Una incógnita política recorre el imaginario social mexicano: ¿por qué el Presidente López Obrador es tan popular, cuando los resultados de su gobierno no son tan contundentes? Las cifras chocan y se contraponen de manera inexplicable: por un lado, según Consulta Mitofsky, AMLO tiene casi 53% de aprobación, es sin duda un altísimo nivel considerando el desgaste natural de capital político que representa gobernar.

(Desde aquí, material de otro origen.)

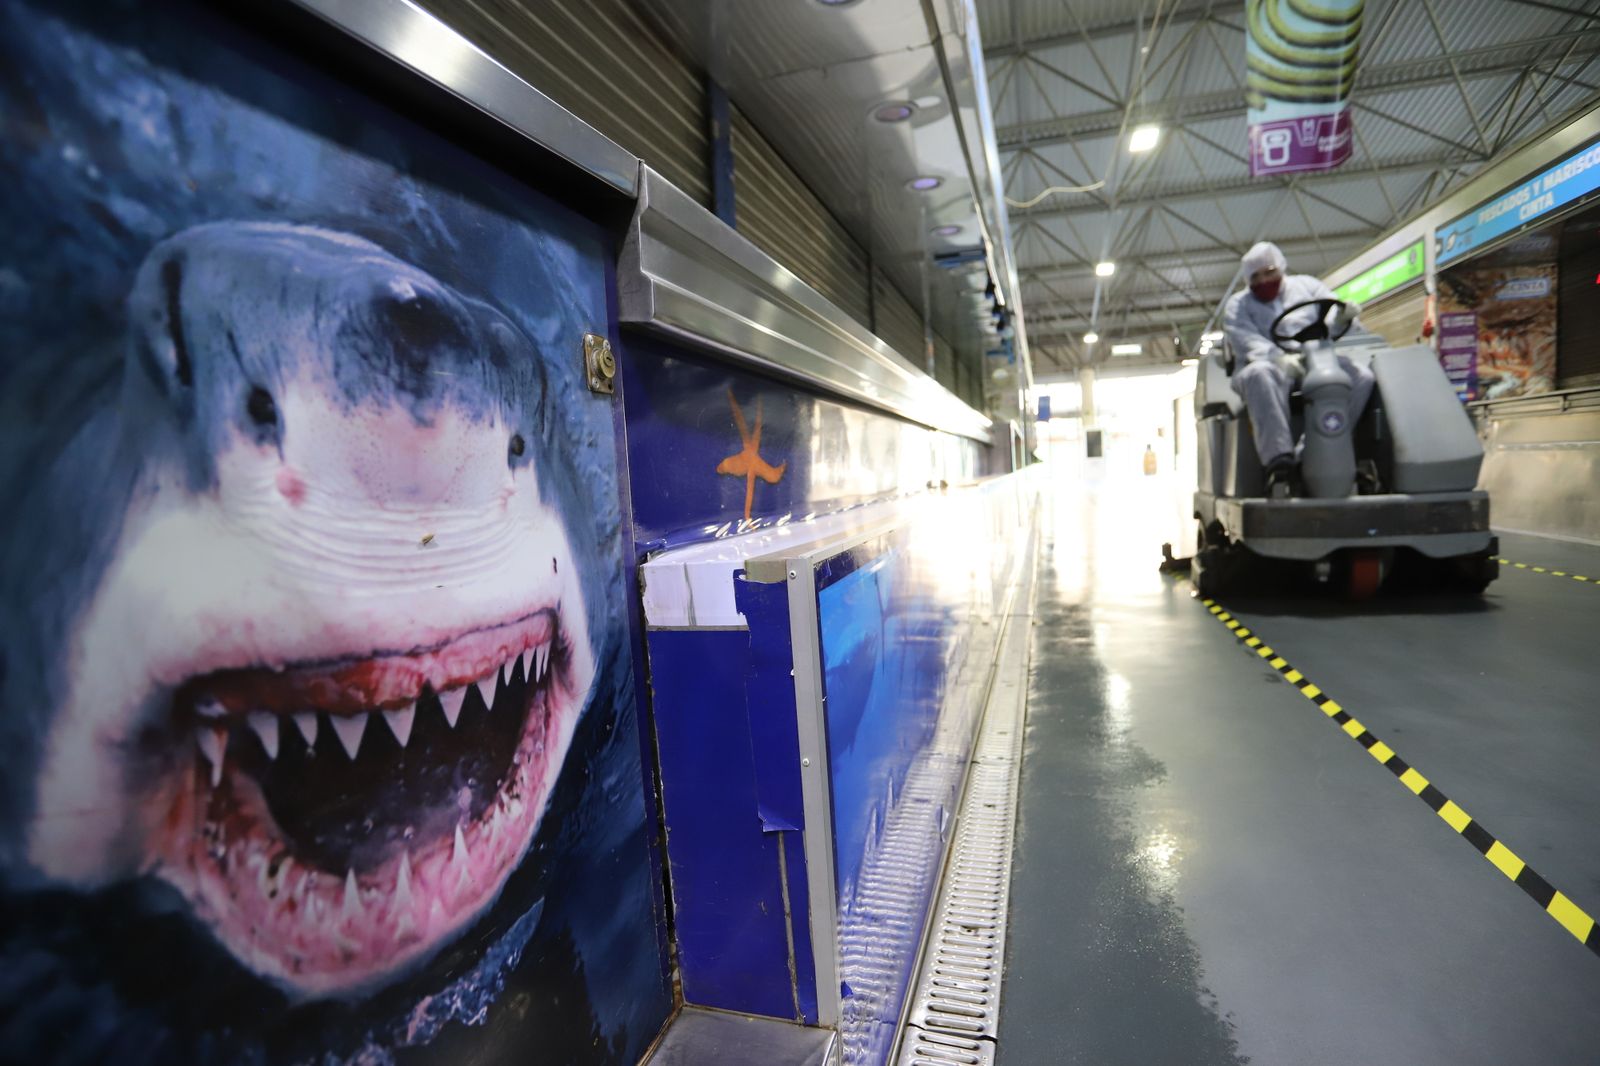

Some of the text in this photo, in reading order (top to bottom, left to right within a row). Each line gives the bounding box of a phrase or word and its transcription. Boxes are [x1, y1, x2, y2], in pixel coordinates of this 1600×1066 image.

[1478, 186, 1531, 224] PESCADOS
[1533, 179, 1541, 196] Y
[1519, 192, 1554, 220] CINTA

Por el otro lado, de acuerdo con la encuesta de Alejandro Moreno del 3 de agosto para el periódico El Financiero, los ciudadanos reprueban el quehacer de su gobierno en prácticamente todas las áreas sustantivas: seguridad pública, manejo de la economía, incluso combate a la pobreza, un rubro donde se gastan más de 400 mil millones de pesos en transferencias de dinero.

Bueno, hasta en el tema del combate a la corrupción, una de las banderas favoritas del Presidente, la gente le pone tache a este gobierno. Curiosamente, se salva de las calificaciones negativas la salud, seguramente debido a la mercadotecnia oficial desplegada frente a la pandemia de Covid-19, porque no encuentro un motivo razonable para evaluar positivamente una estrategia cuyo resultado son 55 mil muertos y medio millón de personas contagiadas.

Héctor Aguilar Camín considera que tenemos la peor de las ecuaciones: un cuestionado programa de gobierno con un Presidente muy poderoso.

¿Cuáles son rasgos distintivos de AMLO que lo hacen parecer prácticamente imbatible?

Tenemos un Presidente que sabe comunicar muy bien y que proyecta cercanía, humildad y austeridad; que sabe crear y manejar símbolos; que satura todo el espacio mediático con una presencia permanente, un ejemplo son las conferencias mañaneras y las giras a los estados de la República.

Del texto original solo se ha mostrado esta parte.